Yunus Emre Caddesi'ne vardığımızda gördük ki polis, tomanın ışıklarını yakmış bizi bekliyordu. Kalabalık toplandığında, tomanın çalışma sesini de duyduk. Bir süre oturma eylemi yapıldı ve "Polis simit sat onurlu yaşa" "Ali'nin katili AKP'nin polisi" sloganları atıldı.
Yürüyüş Espark önünde son buldu. Bir grup burada barikat kurdu. Gecenin ilerleyen saatlerinde ise sayıca az olan gruba sivil giyimli kişilerin müdahalede bulunduğu haberleri geldi.
Bilmeyenler için
19 yaşında bir üniversite öğrencisi, ismi Ali İsmail Korkmaz. Gezi Parkı eylemlerine destek için Eskişehir’de direndi. Direnirken polis şiddetinden kaçıp bir ara sokağa sığındı. Burada bir fırının önünde elinde sopalar olan kişiler tarafından öldüresiye dövüldü. Zorlukla ayağa kalktı, hastaneye gitmek istemedi önce, sonra arkadaşları ikna etti de hastaneye gitti.
Yunus Emre devlet Hastanesi’ndeki bir doktor, tomografisini çekti Ali’nin, kas gevşetici bir ilaç verdi, “Bir şeyin yok, git ifadeni ver” dedi Ali’ye, Ali’yi hastaneden yolladı.
Sabah uyandığında konuşma zorluğu çekiyordu Ali. Arkadaşları ailesine haber vererek başka bir hastaneye götürdü Ali’yi. Hastanede Ali’nin beyin kanaması geçirdiğini ve vücudunda pek çok kırık olduğunu öğrendiler. Ali ameliyata alındı. Ancak geç müdahale sebebiyle Ali, solunum yetisini ve bilincini kaybetti, yoğun bakıma alındı.

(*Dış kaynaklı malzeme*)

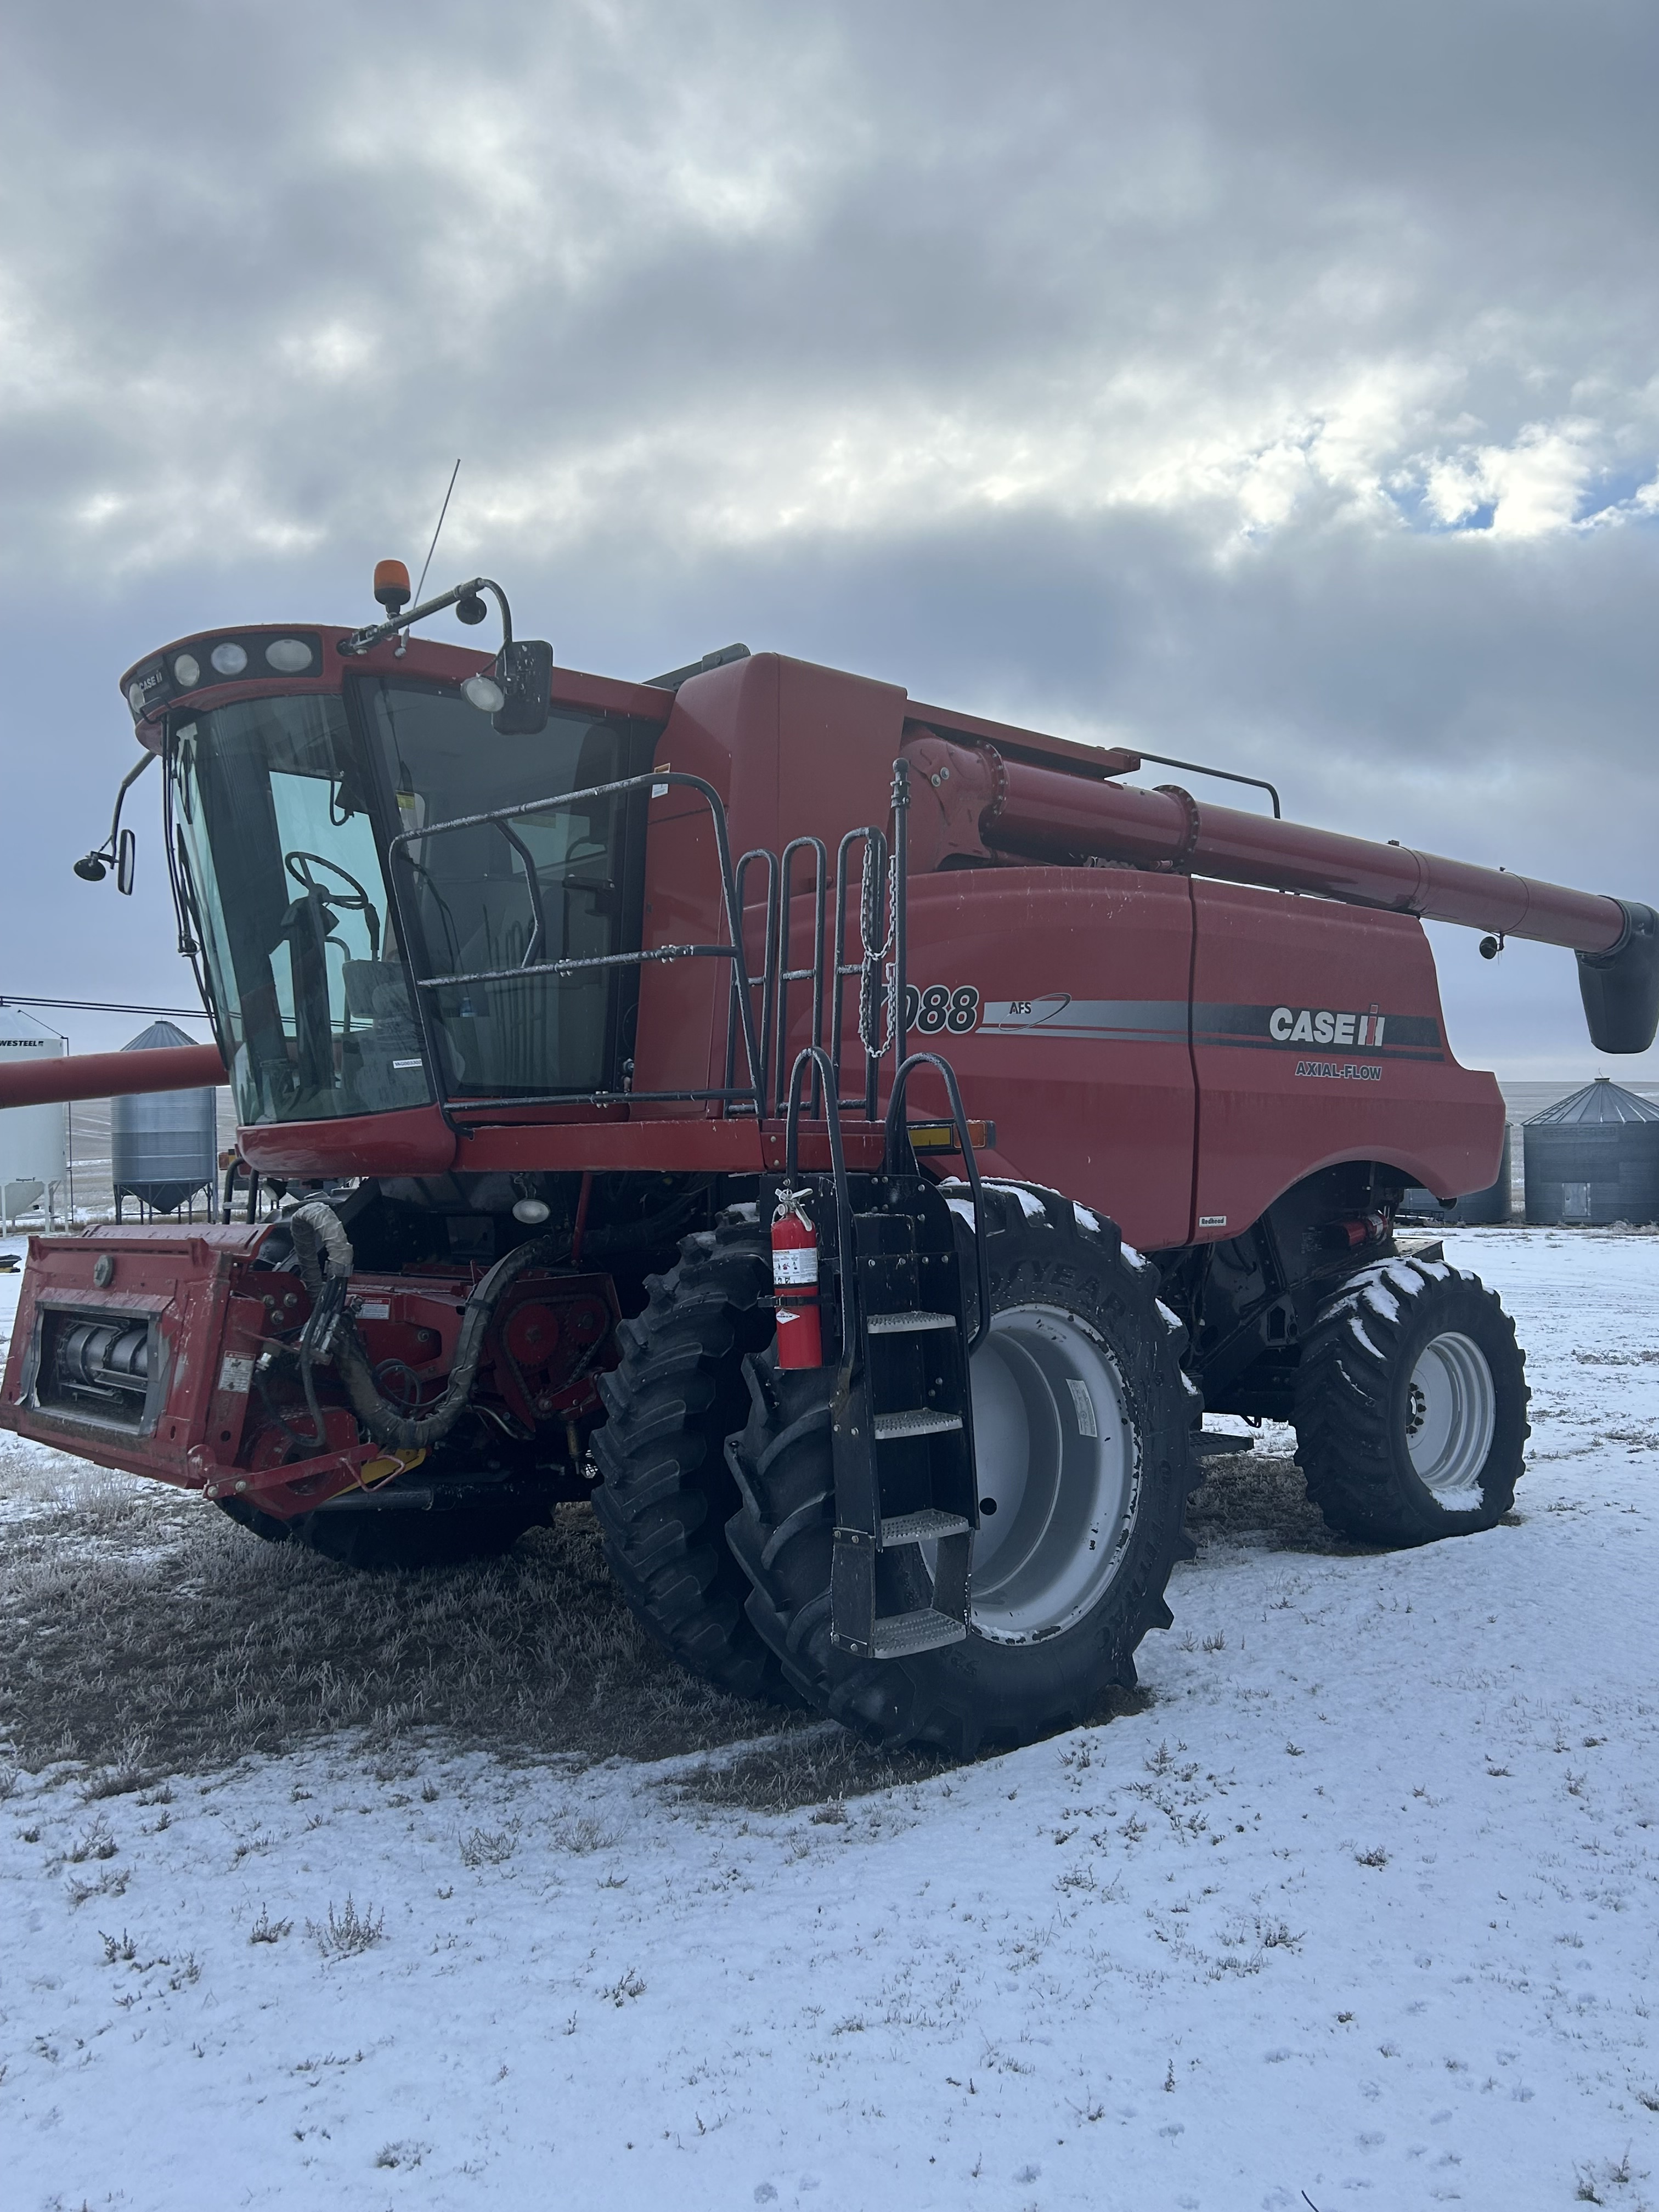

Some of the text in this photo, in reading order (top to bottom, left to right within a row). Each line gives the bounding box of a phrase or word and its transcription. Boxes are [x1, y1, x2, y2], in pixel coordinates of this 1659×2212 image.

[139, 676, 156, 692] CASE
[1009, 1001, 1031, 1015] AFS
[1269, 1007, 1356, 1044] CASE
[1295, 1061, 1382, 1081] AXIAL-FLOW

Otuz sekiz gün yoğun bakımda kaldı Ali. Ailesi ve arkadaşları, hastane bahçesinde Ali’den gelecek iyi bir haberi bekledi. Sonunda yaşam kaybetti, ölüm kazandı.
Bugün Ali’nin annesinin yerine evlat acısı çeken anne senin, benim, bir diğerinin annesi olabilirdi. Bugün Ali yerinde sen ben, o olabilirdi. Tek şansımız polisten kaçarken Ali’nin sığındığı sokağa değil de bir başka sokağa sığınmaktı, kim bilir.
Ali yalnızca kendisi için değil, bizim için de, güzel yarınlar için de sokaktaydı. Sokağa çıktı, slogan attı, marş söyledi. Ali’yi dövdüler, Ali’yi öldürdüler.